**Data extract:**
++++++++

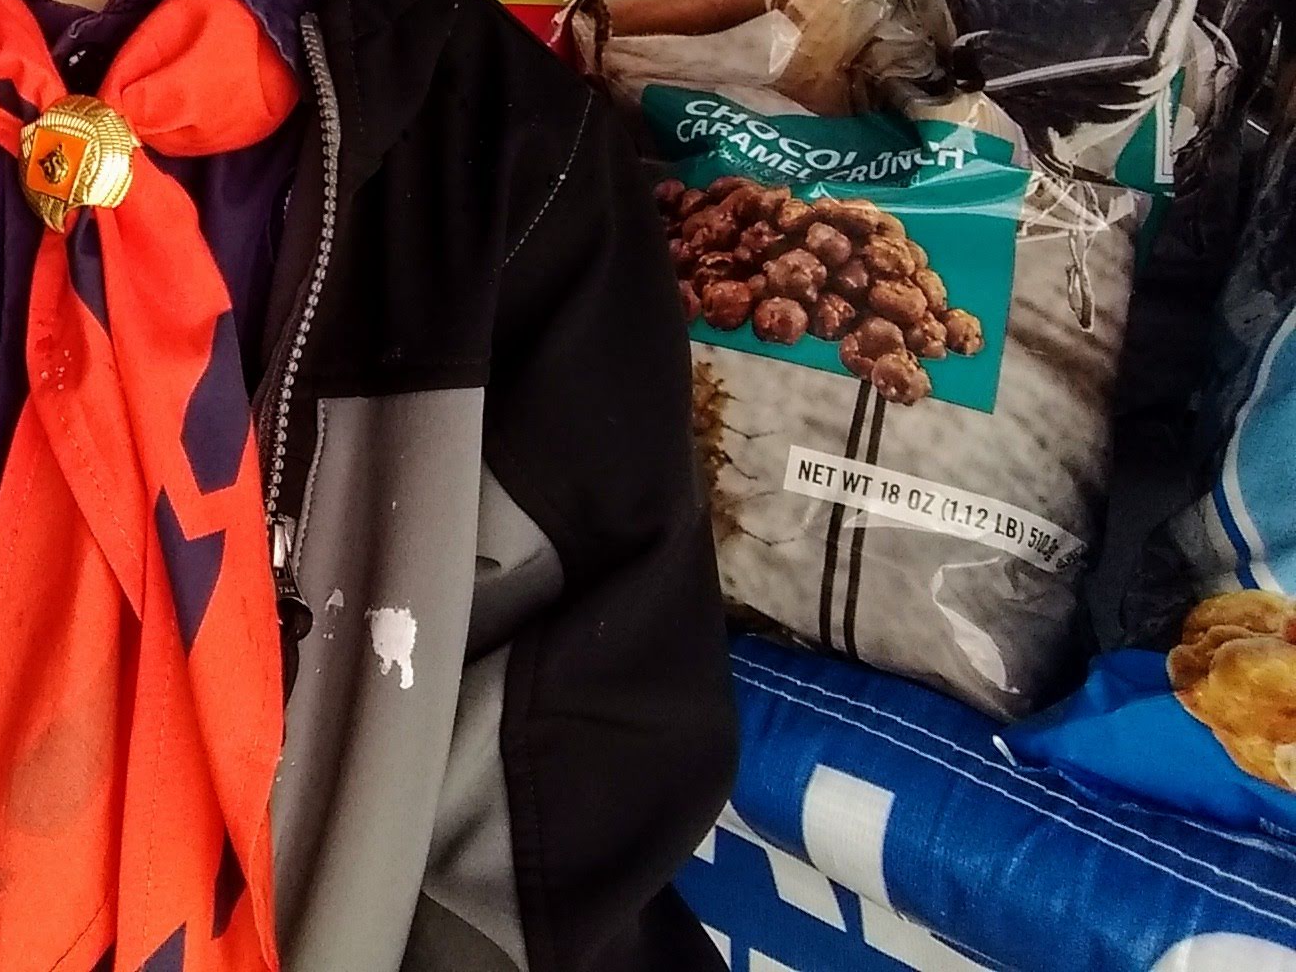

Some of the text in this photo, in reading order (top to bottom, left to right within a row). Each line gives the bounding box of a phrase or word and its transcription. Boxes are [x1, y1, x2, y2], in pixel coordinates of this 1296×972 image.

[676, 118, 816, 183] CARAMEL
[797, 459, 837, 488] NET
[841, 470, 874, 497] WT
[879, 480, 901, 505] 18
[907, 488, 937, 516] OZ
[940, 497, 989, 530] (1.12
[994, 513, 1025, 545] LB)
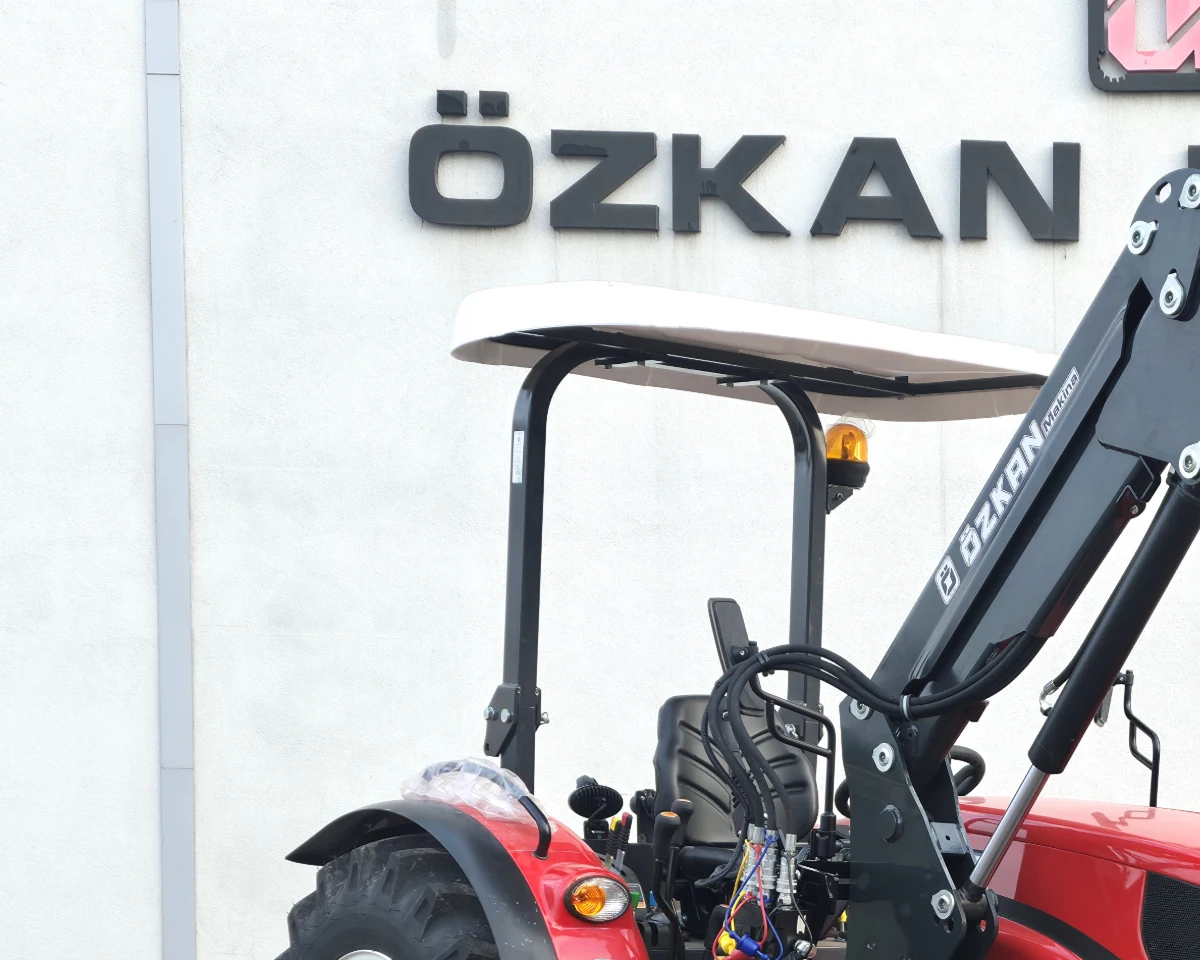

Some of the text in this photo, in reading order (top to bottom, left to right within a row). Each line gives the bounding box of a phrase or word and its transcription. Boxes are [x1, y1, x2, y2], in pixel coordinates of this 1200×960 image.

++++++++

**Exercise directions:**
Everything in the preceding material must be transcribed exactly, except the images.

**Task answer:**
Some of the text in this photo, in reading order (top to bottom, left to right within a row). Each line gives the bounding box of a phrase or word and its transcription. Boxes are [x1, y1, x2, y2], in pixel coordinates of this 1296×972 image.

[676, 118, 816, 183] CARAMEL
[797, 459, 837, 488] NET
[841, 470, 874, 497] WT
[879, 480, 901, 505] 18
[907, 488, 937, 516] OZ
[940, 497, 989, 530] (1.12
[994, 513, 1025, 545] LB)

Some of the text in this photo, in reading order (top to bottom, left to right within a row). Each line gives the bounding box of a phrase or word and its transcription. Boxes are [x1, y1, x2, y2], in pixel coordinates of this 1200×960 image.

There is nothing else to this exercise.